Gati menjelaskan, pemanfaatan industri 4.0 di PT. Sinar Mulia Teknalum diterapkan melalui penggunaan sistem Enterprise Resource Planning (ERP).

“Implementasi sistem ini akan memudahkan dalam perencanaan dan pengelolaan sumber daya perusahaan serta mengintegrasikan semua divisi di dalam perusahaan,” tuturnya.

Selain itu, sistem ERP memungkinkan bagi perusahaan melakukan perencanaan produksi dengan lebih mudah, mendapatkan informasi efisiensi proses produksi, mengevaluasi kapasitas mesin, dan efektivitas tenaga kerja di lapangan.

“Hal ini berguna bagi IKM untuk dapat melakukan evaluasi dan pengembangan terhadap proses-proses yang belum efisien dan melihat ketercapaian visi dan misi perusahaan sebagai bentuk pemenuhan standar ISO 9001:2015,” papar Gati.

Lebih lanjut, aplikasi ERP bisa menjadi salah satu solusi bagi pelaku usaha karena keuntungan yang didapat, antara lain memberikan informasi dengan waktu respons yang cepat, meningkatkan interaksi antar bagian dalam suatu organisasi, dan meningkatkan pengelolaan siklus pemesanan barang.

“Jadi, sistem ERP ini adalah sebuah sistem software yang dibutuhkan oleh setiap pengusaha, termasuk sektor IKM untuk bisa lebih mengembangkan bisnis dan usahanya secara profesional dan tepat guna, yang dapat mengintegrasikan dan mengotomatisasi proses bisnis,” imbuhnya.

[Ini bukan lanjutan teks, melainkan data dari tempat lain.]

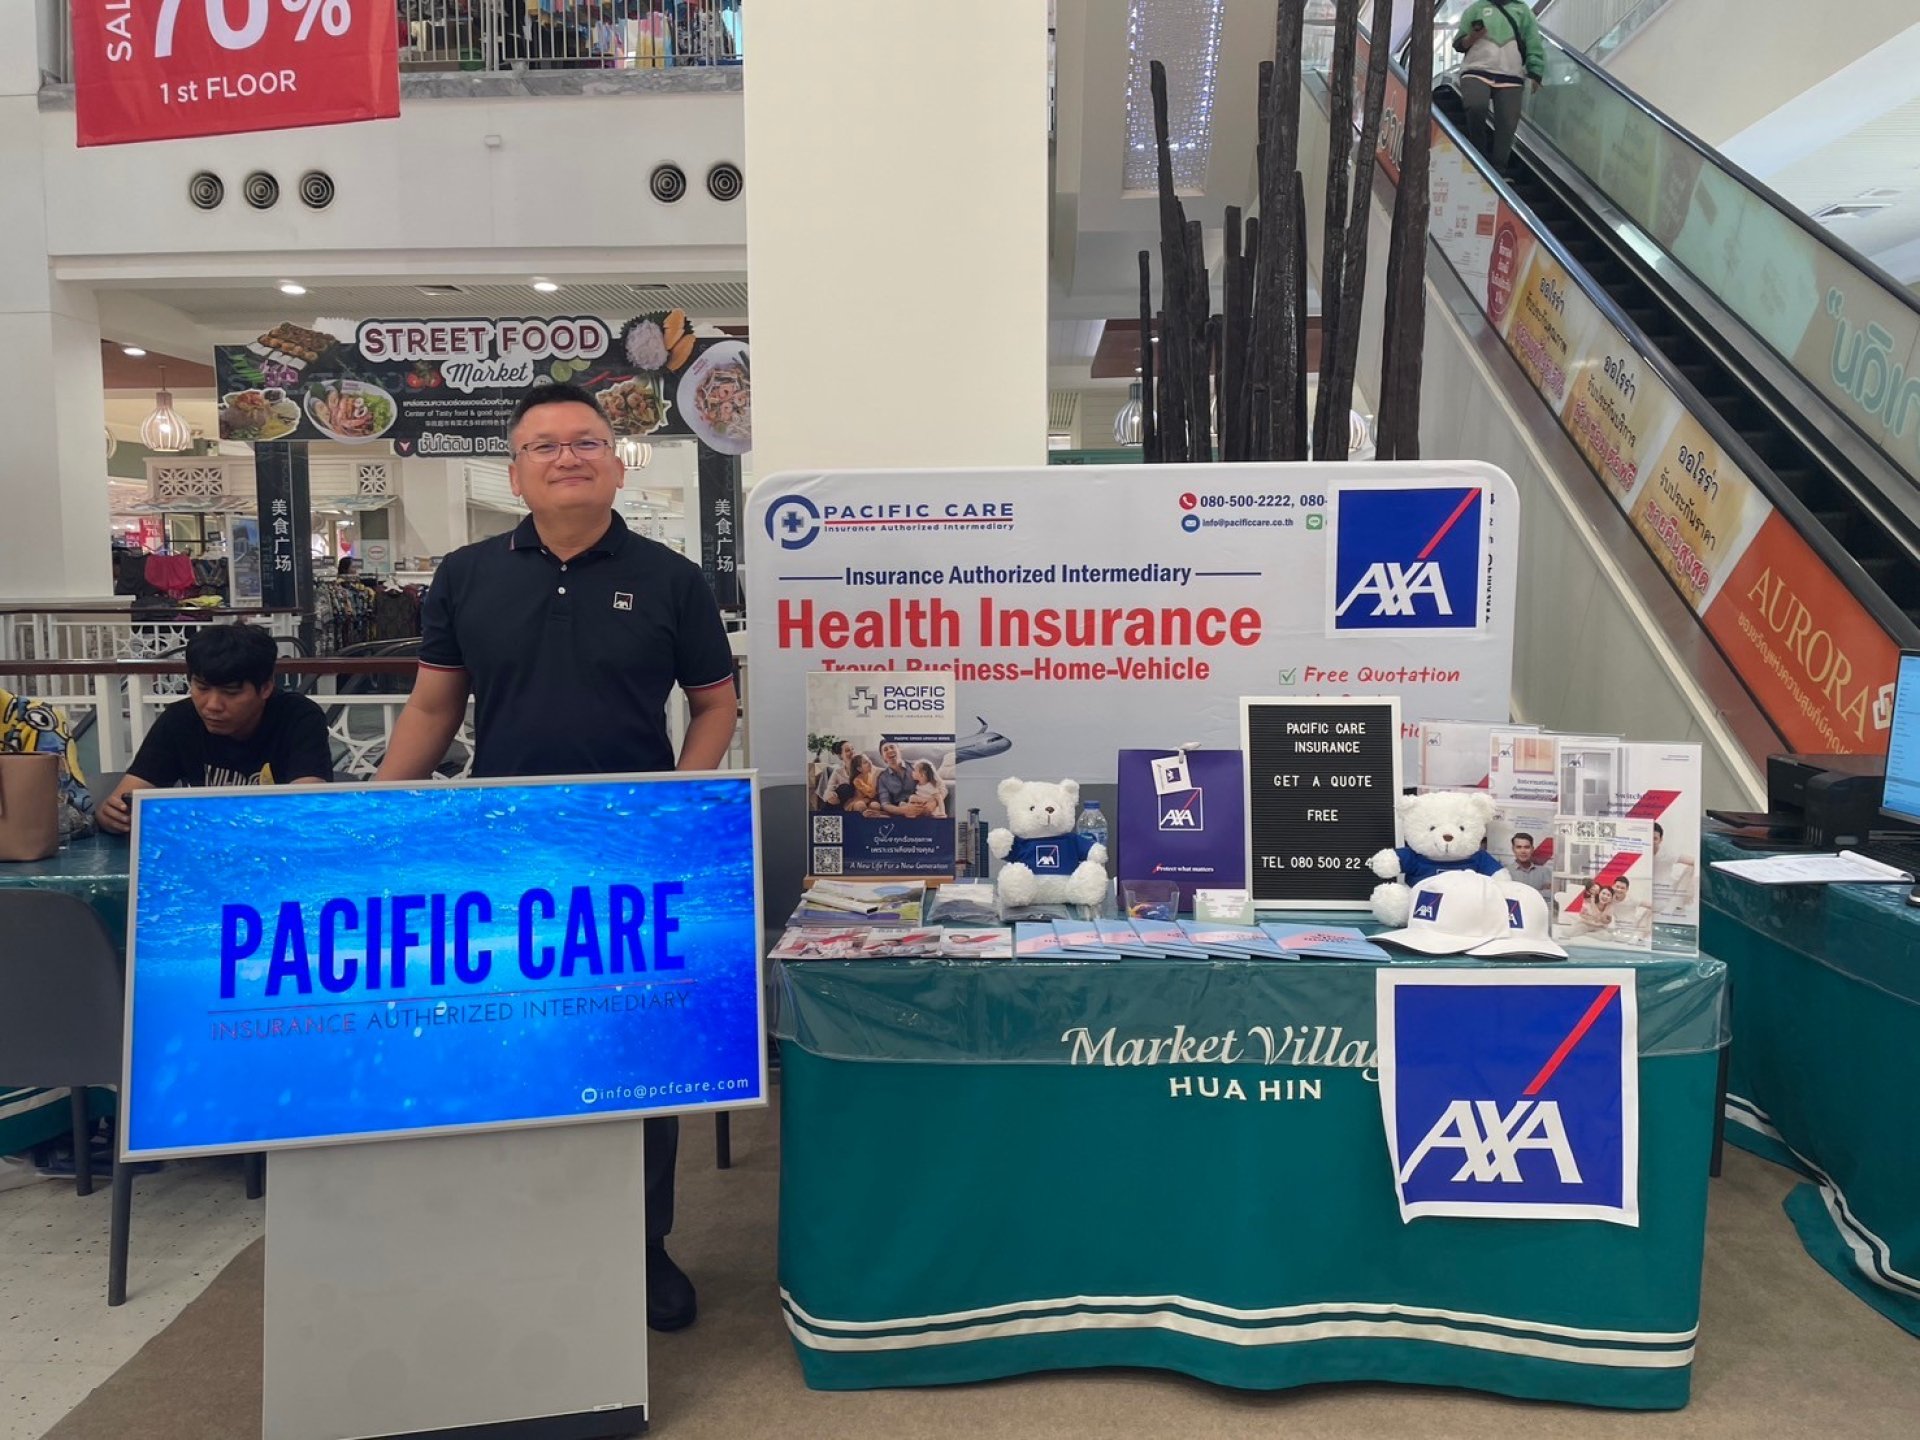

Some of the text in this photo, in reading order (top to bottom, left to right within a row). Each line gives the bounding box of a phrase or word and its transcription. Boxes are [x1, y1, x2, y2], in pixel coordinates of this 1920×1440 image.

[160, 69, 297, 104] 1 st FLOOR
[364, 325, 600, 354] STREET FOOD
[447, 362, 529, 387] Market
[1603, 355, 1636, 403] ออโรร่า
[455, 409, 468, 417] food
[477, 409, 493, 418] good
[476, 438, 486, 451] B
[1678, 445, 1719, 501] ออโรร่า
[823, 502, 1014, 519] PACIFIC CARE
[1200, 495, 1295, 508] 080-500-2222,
[1659, 467, 1716, 551] รับประกันราคา
[880, 524, 940, 532] Authorized
[943, 523, 1014, 531] Intermediary
[1202, 518, 1294, 528] info@pacificcare.co.th
[271, 498, 292, 573] 美食广场
[714, 498, 734, 573] 美食广场
[845, 563, 1191, 586] Insurance Authorized Intermediary
[1335, 562, 1453, 616] AXA
[777, 597, 1262, 649] Health Insurance
[1747, 566, 1869, 744] AURORA
[1303, 665, 1460, 683] Free Quotation
[883, 685, 945, 698] PACIFIC
[883, 699, 945, 711] CROSS
[1286, 722, 1366, 735] PACIFIC CARE
[1294, 741, 1361, 754] INSURANCE
[1273, 775, 1373, 787] GET A QUOTE
[1161, 809, 1195, 826] AXA
[1307, 809, 1339, 822] FREE
[1036, 856, 1055, 865] AXA
[1191, 865, 1215, 873] matters
[1261, 855, 1285, 869] TEL
[1290, 856, 1314, 869] 080
[1317, 856, 1341, 869] 500
[1345, 857, 1361, 869] 22
[219, 880, 687, 999] PACIFIC CARE
[211, 991, 690, 1041] INSURANCE AUTHERIZED INTERMEDIARY
[1061, 1024, 1244, 1067] Market
[600, 1077, 749, 1100] info@pcfcare.com
[1168, 1076, 1322, 1101] HUA HIN
[1399, 1099, 1583, 1184] AXA

Gati menyampaikan, pendampingan proyek percontohan implementasi industri 4.0 di PT Sinar Mulia Teknalum, juga berkolaborasi dengan startup dari PT Arkana Solusi Digital sebagai salah satu pemenang Startup4Industry yang telah mengintegrasikan sistem Manajemen Mutu ISO 9001:2015 pada modul ERP berbasis Oodo.

“Pada kondisi awal sebelum pendampingan pilot project ini, PT. Sinar Mulia Teknalum masih melakukan proses bisnis manual. Mulai dari proses pembelian bahan baku, penyimpanan inventaris, proses produksi, hingga proses penjualan dan pencatatan laporan keuangan,” sebutnya.

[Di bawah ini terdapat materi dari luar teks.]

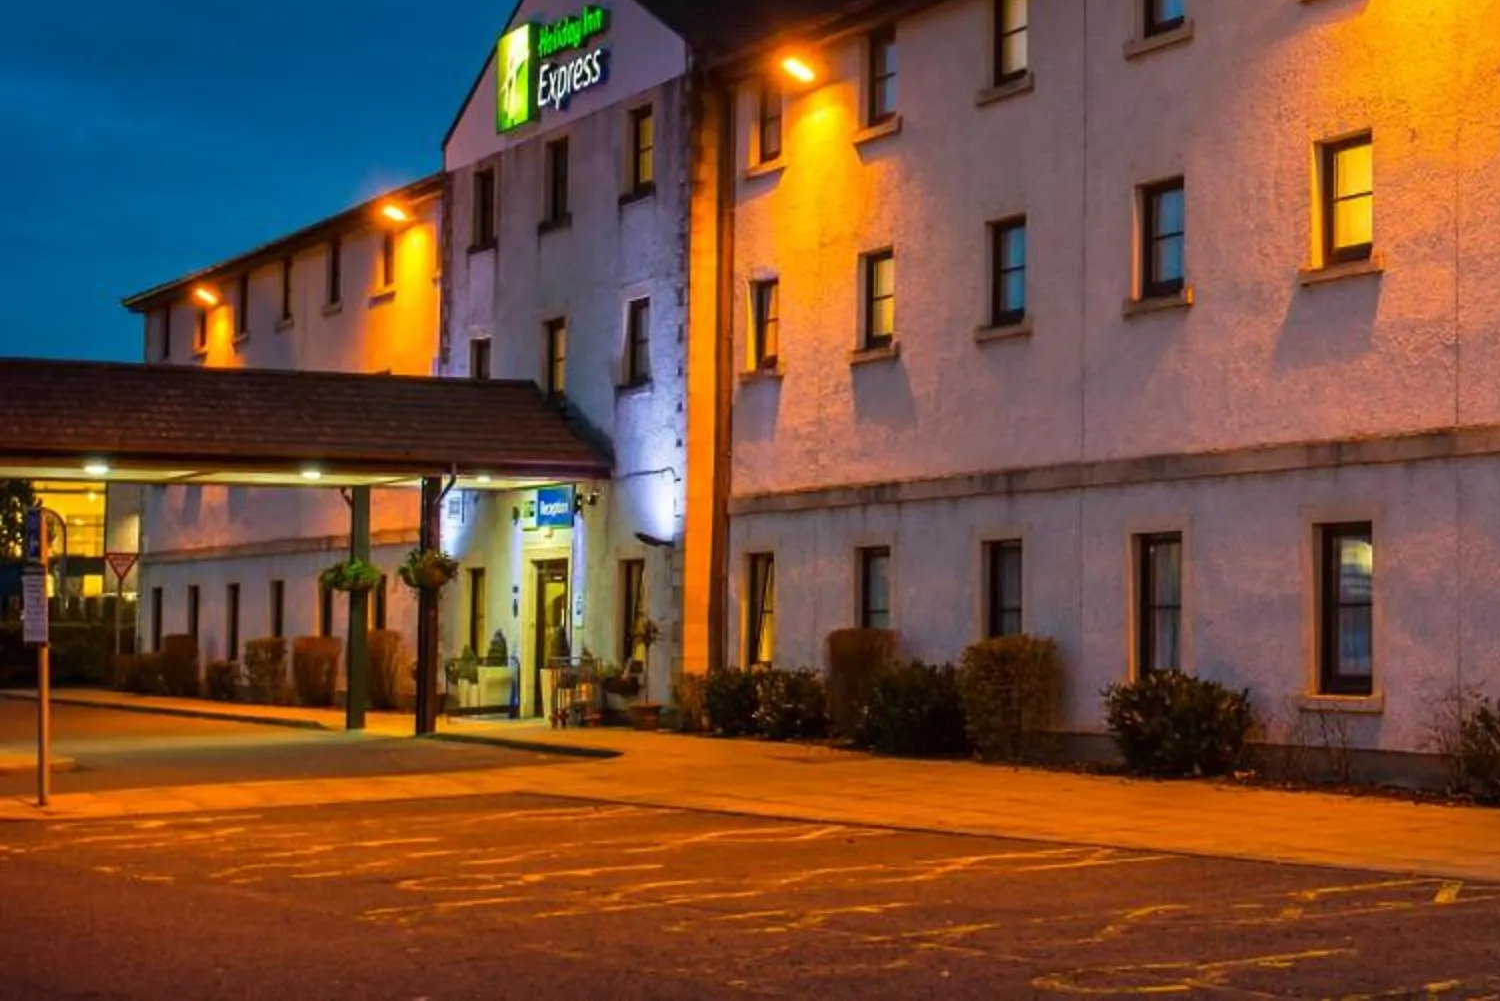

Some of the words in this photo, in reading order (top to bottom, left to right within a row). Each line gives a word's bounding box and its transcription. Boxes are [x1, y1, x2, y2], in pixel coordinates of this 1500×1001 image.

Proses manajemen perusahaan yang masih dilakukan secara manual tersebut, bukan saja membuat manajemen kehilangan kontrol perusahaan secara real time dan berkesinambungan. Tetapi proses manajemen secara manual ini juga menghadirkan permasalahan-permasalahan operasional yang cukup menyulitkan perusahaan.

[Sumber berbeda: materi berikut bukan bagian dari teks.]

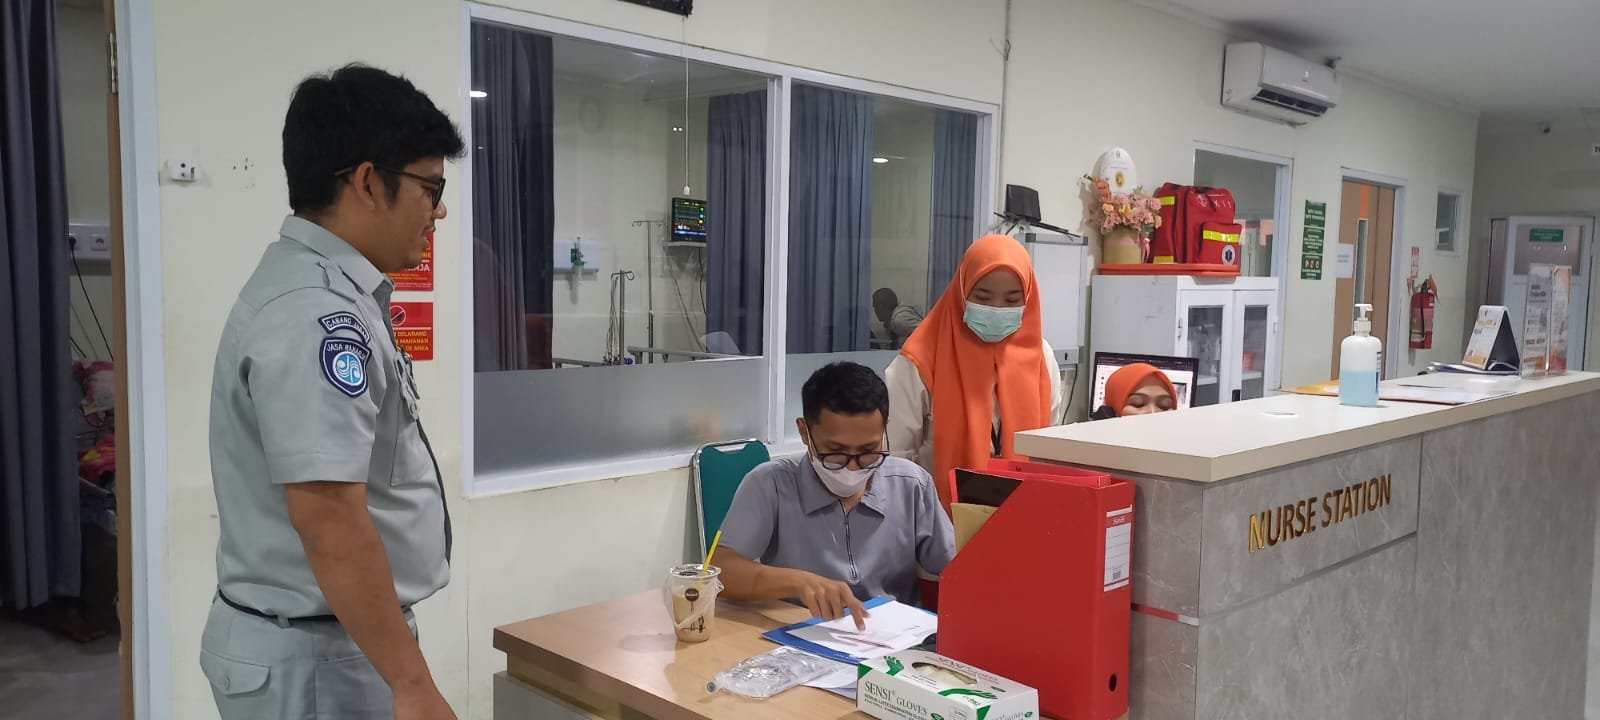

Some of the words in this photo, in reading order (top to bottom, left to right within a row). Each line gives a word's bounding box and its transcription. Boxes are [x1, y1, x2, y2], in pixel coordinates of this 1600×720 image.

[327, 343, 343, 352] JASA
[1249, 497, 1317, 553] NURSE
[1321, 473, 1391, 528] STATION
[896, 696, 928, 715] GLOVES

“Namun, setelah dilakukan pendampingan, kini PT Sinar Mulia Teknalum telah mampu menjalankan perusahaannya dengan menggunakan sistem manajemen secara digital. Sehingga permasalahan-permasalahan yang timbul sebelumnya, dapat diselesaikan oleh perusahaan,” ungkap Gati.

Bahkan, PT Sinar Mulia Teknalum lebih mudah dalam membuat perencanaan dan pengelolaan sumber daya perusahaan, dapat mengintegrasikan semua divisi di dalam perusahaan, mendapatkan informasi efisiensi proses produksi, mengevaluasi kapasitas mesin, dan efektivitas tenaga kerja di lapangan.

“Mereka kini juga lebih mudah dalam melakukan evaluasi dan pengembangan terhadap proses-proses yang belum efisien dan melihat ketercapaian visi dan misi perusahaan, sebagai bentuk pemenuhan standar ISO 9001:2015,” katanya.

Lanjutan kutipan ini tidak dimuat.